All reviews of published articles are made public. This includes manuscript files, peer review comments, author rebuttals and revised materials. Note: This was optional for articles submitted before 13 February 2023.
Peer reviewers are encouraged (but not required) to provide their names to the authors when submitting their peer review. If they agree to provide their name, then their personal profile page will reflect a public acknowledgment that they performed a review (even if the article is rejected). If the article is accepted, then reviewers who provided their name will be associated with the article itself.
Dear Authors,
I can see that you properly addressed the minor points raised in the last round of review. Therefore, I am glad to inform you that I now consider your manuscript suitable for publication on PeerJ.
[# PeerJ Staff Note - this decision was reviewed and approved by Jafri Abdullah, a PeerJ Section Editor covering this Section #]
As you can see, both the reviewers are almost satisfied with your resubmitted version, although they raise some minor points that should be addressed.
LANGUAGE:
The English is fine, with few mistakes that should be taken into account.

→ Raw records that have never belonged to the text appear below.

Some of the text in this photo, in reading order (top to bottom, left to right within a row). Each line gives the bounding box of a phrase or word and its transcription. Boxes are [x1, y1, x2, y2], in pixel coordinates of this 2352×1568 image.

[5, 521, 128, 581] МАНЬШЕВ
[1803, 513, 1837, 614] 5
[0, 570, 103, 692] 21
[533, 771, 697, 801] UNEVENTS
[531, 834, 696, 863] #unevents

Line 38: “to classify between” is not gramatically correct. You can say “to classify into” or “to discriminate between”.
Lines 175 , 222, 270, 473: Please use sex instead of gender.
REFERENCES:
All methods should be introduced or cited to inform the reader about their functionality. For instance, ReliefF (line 137) , Svm (line 131), Ripper (line 146), etc. Please add a reference.
Same think holds for line 177 referring to SPSS statistical software.
ARTICLE STRUCTURE:
The general form and the structure of the manuscript have been greatly improved.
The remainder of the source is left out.